Image-backed grounding data:
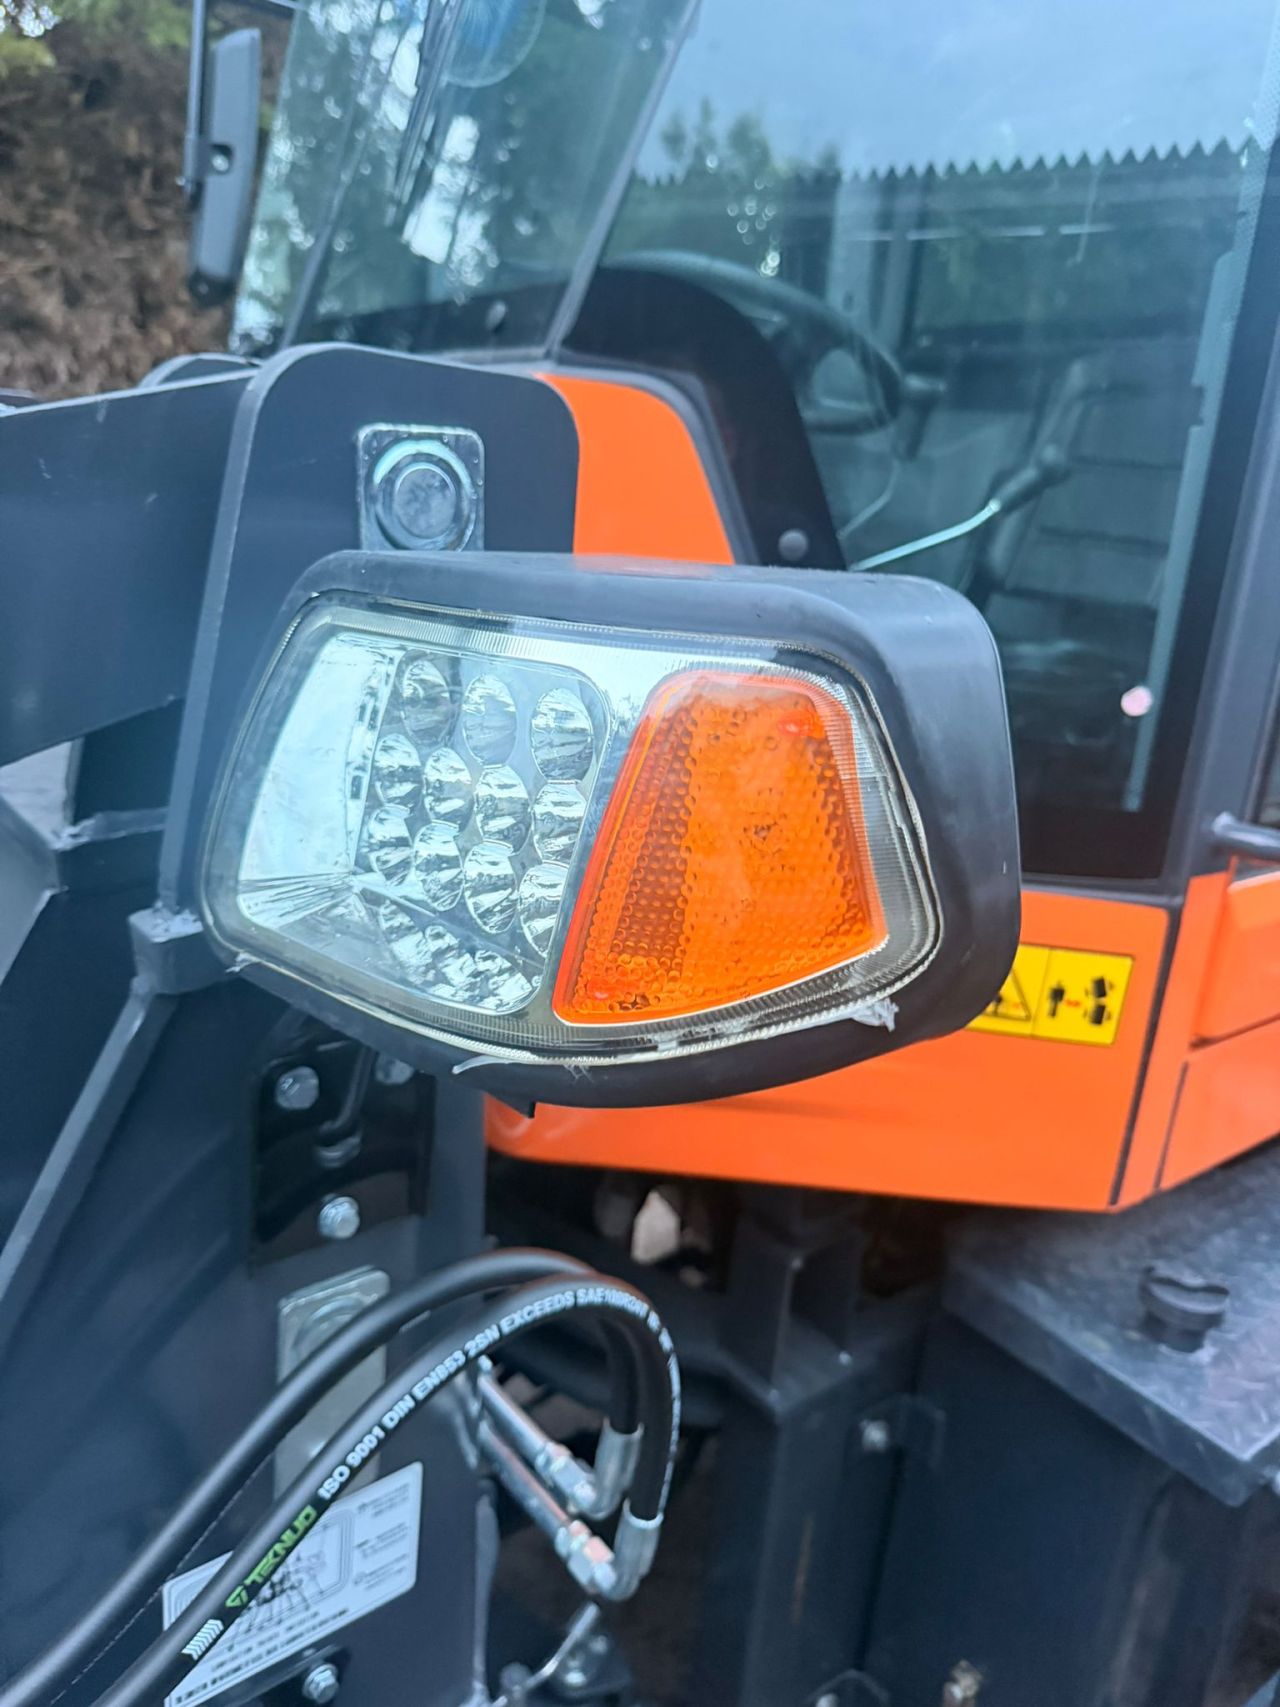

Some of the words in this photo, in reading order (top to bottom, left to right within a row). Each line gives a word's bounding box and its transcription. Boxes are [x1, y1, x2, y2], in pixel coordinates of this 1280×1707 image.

[317, 1465, 350, 1499] ISO
[346, 1425, 385, 1467] 9001
[381, 1394, 415, 1429] DIN
[411, 1349, 466, 1400] EN853
[463, 1324, 500, 1359] 2SN
[500, 1290, 575, 1335] EXCEEDS
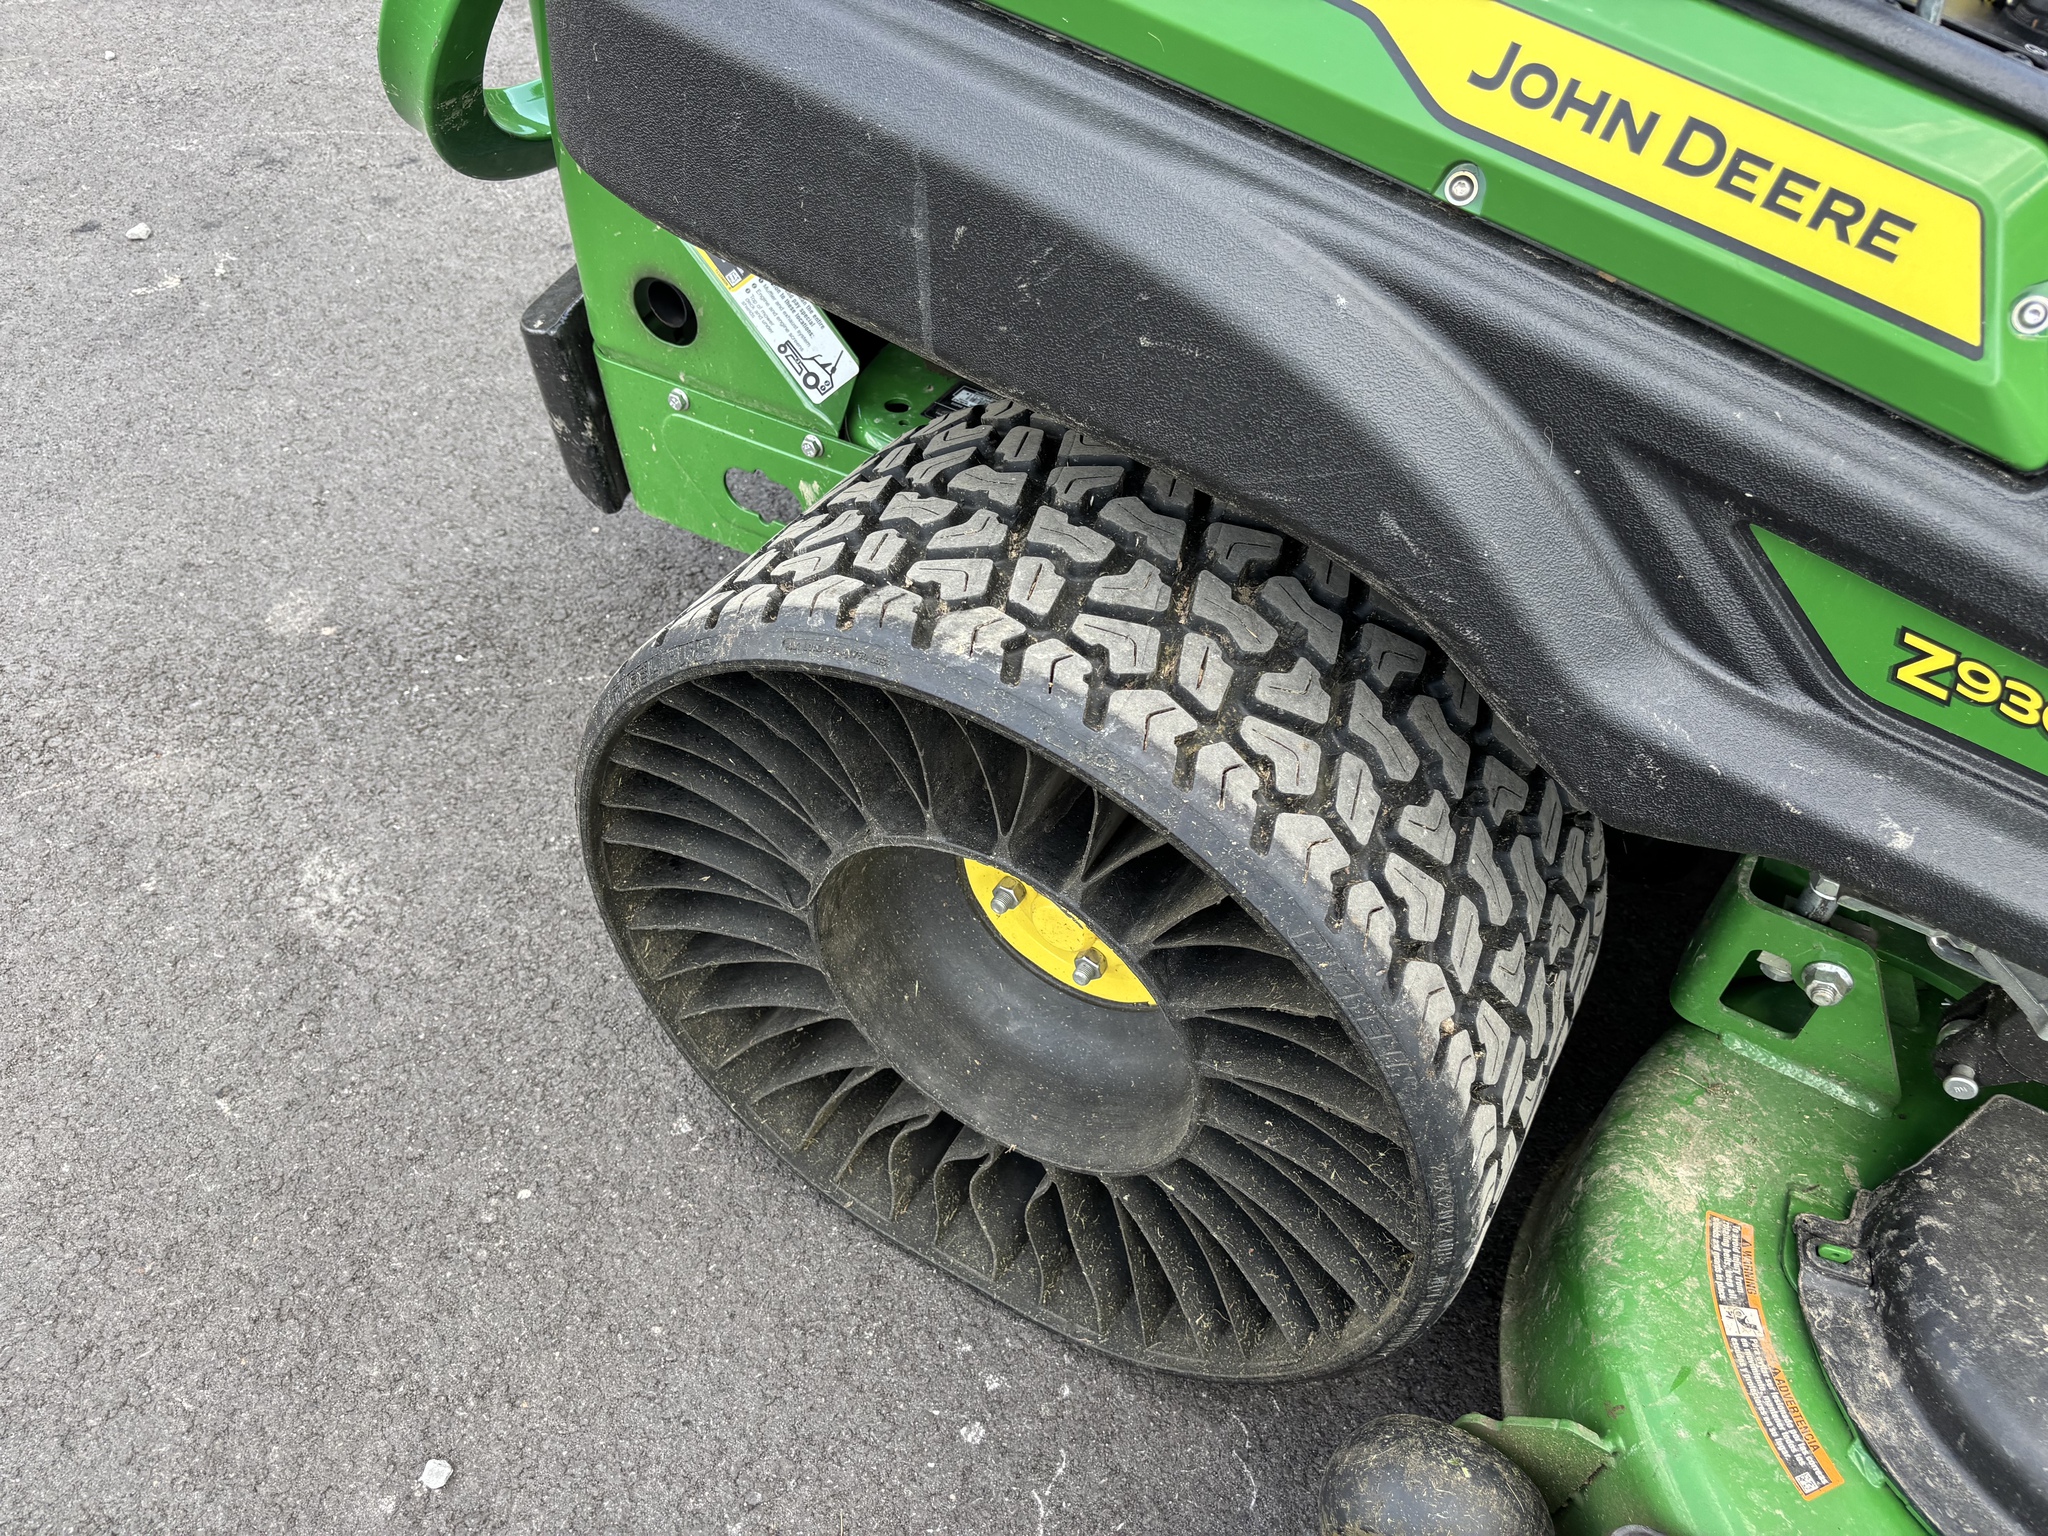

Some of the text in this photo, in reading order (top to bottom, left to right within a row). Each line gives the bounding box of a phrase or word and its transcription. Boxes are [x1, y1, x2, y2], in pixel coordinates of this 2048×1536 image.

[1467, 42, 1917, 264] JOHN DEERE
[740, 299, 756, 319] shields
[744, 296, 774, 334] deck and under
[748, 293, 759, 305] Top
[755, 302, 763, 310] of
[759, 308, 775, 327] mower
[754, 288, 771, 308] Engine
[768, 305, 778, 317] and
[774, 314, 791, 334] engine
[787, 331, 805, 352] screens
[778, 292, 786, 300] to
[783, 298, 797, 314] these
[790, 297, 801, 310] pay
[797, 307, 815, 328] special
[804, 304, 826, 330] the entire
[773, 299, 785, 312] and
[781, 309, 799, 330] exhaust
[794, 328, 812, 348] system
[1891, 626, 2048, 742] Z93
[1721, 1220, 1731, 1247] rotating
[1731, 1224, 1744, 1293] To avoid injury from
[1742, 1249, 1757, 1295] WARNING
[1724, 1269, 1733, 1287] keep
[1728, 1288, 1737, 1299] all
[1739, 1337, 1749, 1349] en
[1762, 1394, 1787, 1432] mantener
[1781, 1430, 1798, 1454] todos
[1793, 1452, 1806, 1467] los
[1748, 1336, 1762, 1356] Para
[1764, 1377, 1775, 1391] ser
[1770, 1390, 1794, 1429] lesionado
[1788, 1427, 1802, 1444] por
[1797, 1441, 1810, 1456] las
[1804, 1455, 1829, 1485] correas
[1774, 1375, 1820, 1452] ADVERTENCIA
[1762, 1415, 1773, 1427] en
[1767, 1426, 1779, 1438] su
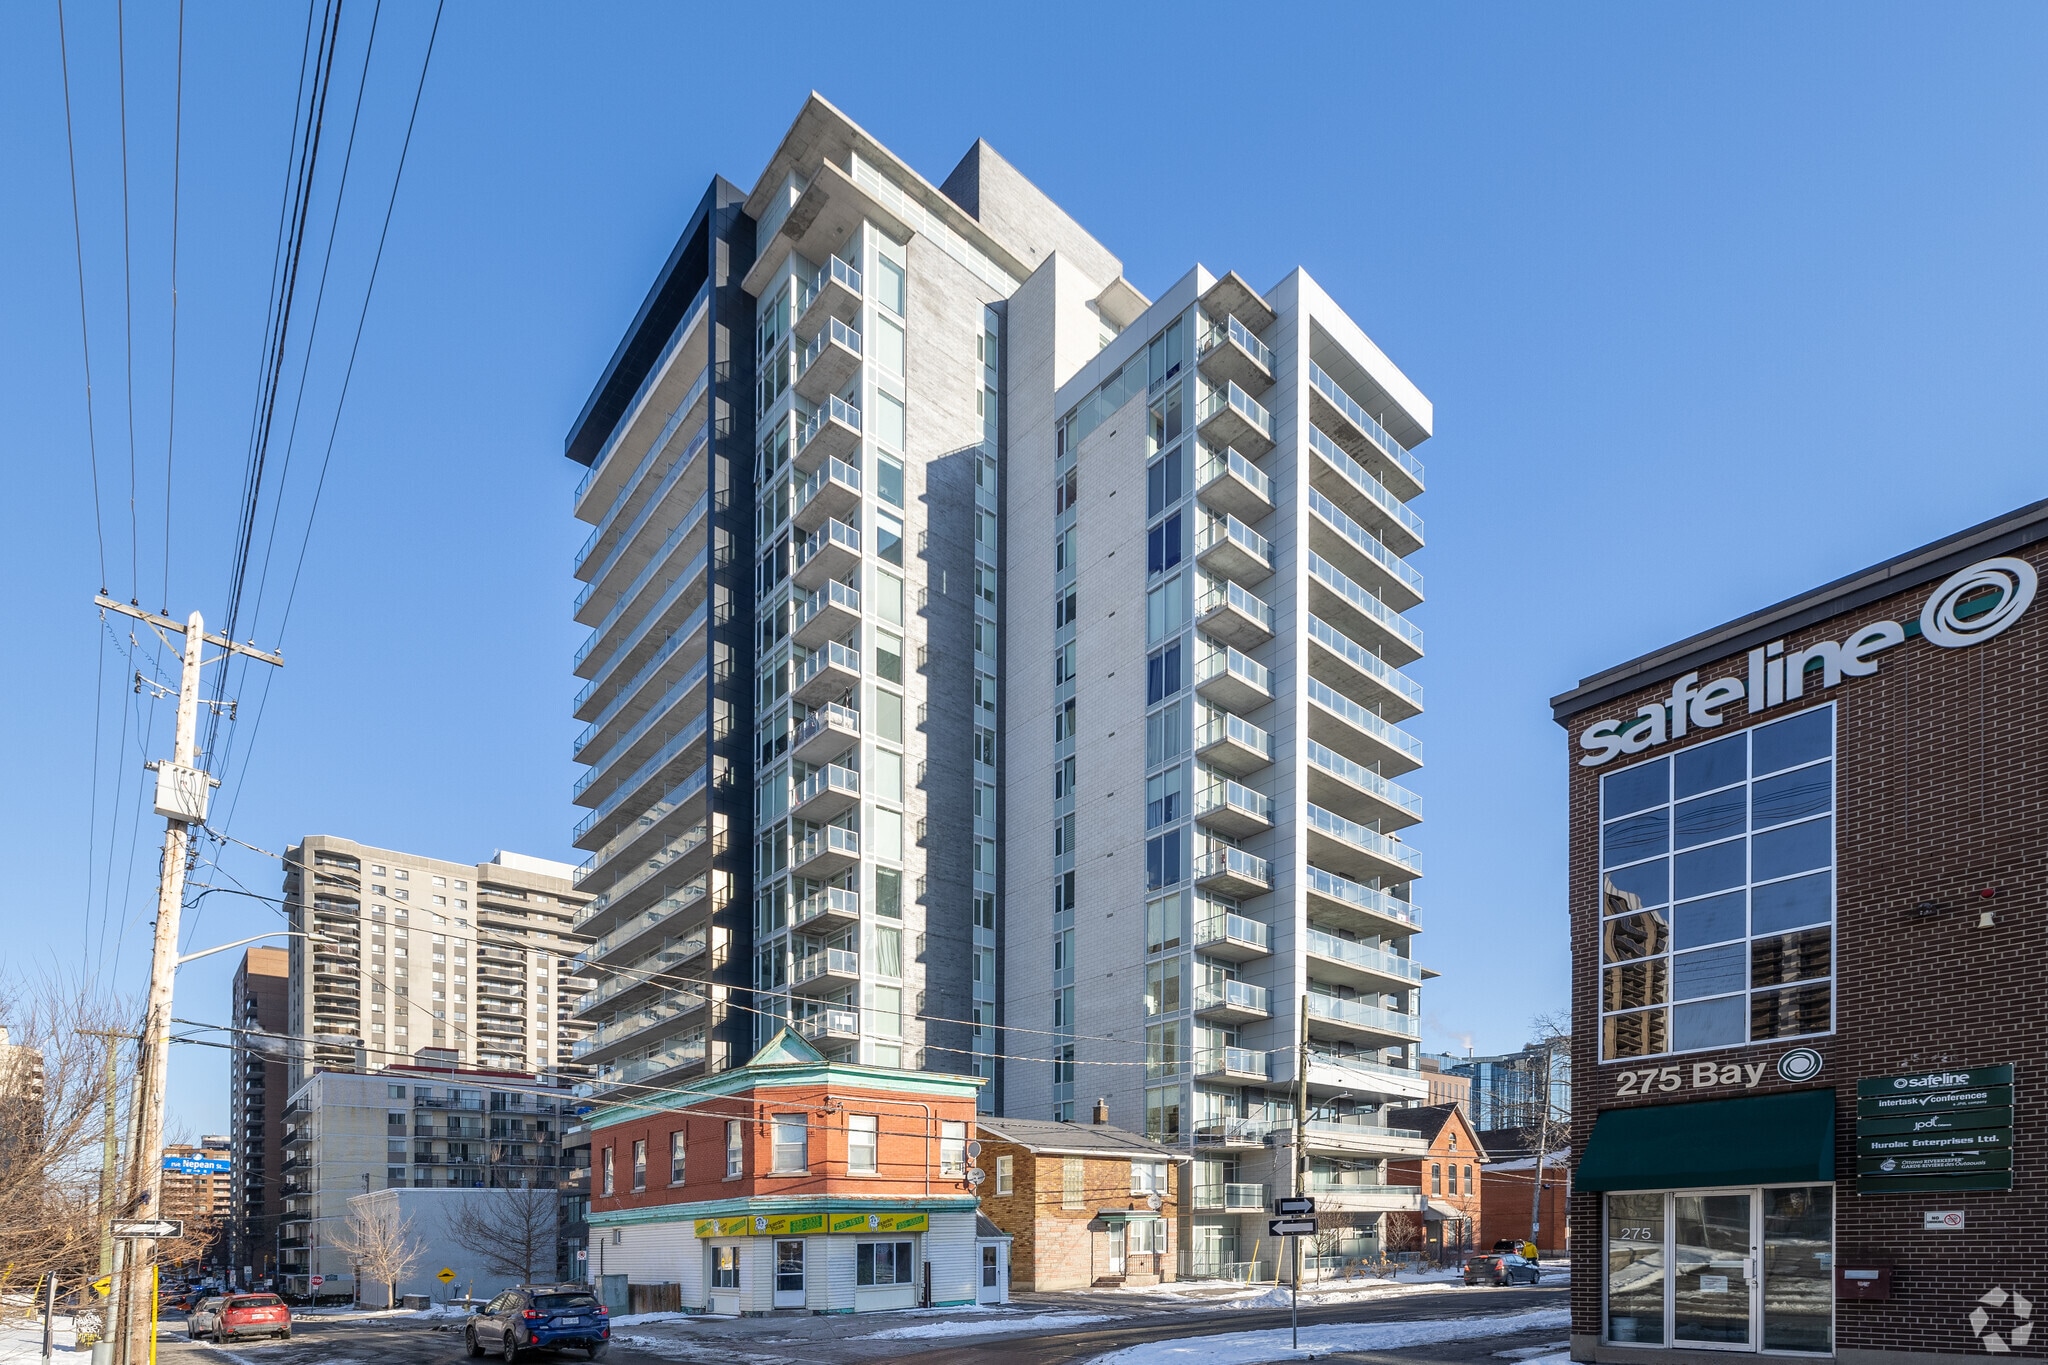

■ Required work ■
Before duplicating, set the pictures aside; then output exactly the lines from the one with "Some of the text" through the end of the records, and only those.

■ Written solution ■
Some of the text in this photo, in reading order (top to bottom, left to right within a row). Each line gives the bounding box of a phrase or word and its transcription. Boxes are [x1, y1, x2, y2], in pixel coordinates of this 2048×1536 image.

[1467, 42, 1917, 264] JOHN DEERE
[740, 299, 756, 319] shields
[744, 296, 774, 334] deck and under
[748, 293, 759, 305] Top
[755, 302, 763, 310] of
[759, 308, 775, 327] mower
[754, 288, 771, 308] Engine
[768, 305, 778, 317] and
[774, 314, 791, 334] engine
[787, 331, 805, 352] screens
[778, 292, 786, 300] to
[783, 298, 797, 314] these
[790, 297, 801, 310] pay
[797, 307, 815, 328] special
[804, 304, 826, 330] the entire
[773, 299, 785, 312] and
[781, 309, 799, 330] exhaust
[794, 328, 812, 348] system
[1891, 626, 2048, 742] Z93
[1721, 1220, 1731, 1247] rotating
[1731, 1224, 1744, 1293] To avoid injury from
[1742, 1249, 1757, 1295] WARNING
[1724, 1269, 1733, 1287] keep
[1728, 1288, 1737, 1299] all
[1739, 1337, 1749, 1349] en
[1762, 1394, 1787, 1432] mantener
[1781, 1430, 1798, 1454] todos
[1793, 1452, 1806, 1467] los
[1748, 1336, 1762, 1356] Para
[1764, 1377, 1775, 1391] ser
[1770, 1390, 1794, 1429] lesionado
[1788, 1427, 1802, 1444] por
[1797, 1441, 1810, 1456] las
[1804, 1455, 1829, 1485] correas
[1774, 1375, 1820, 1452] ADVERTENCIA
[1762, 1415, 1773, 1427] en
[1767, 1426, 1779, 1438] su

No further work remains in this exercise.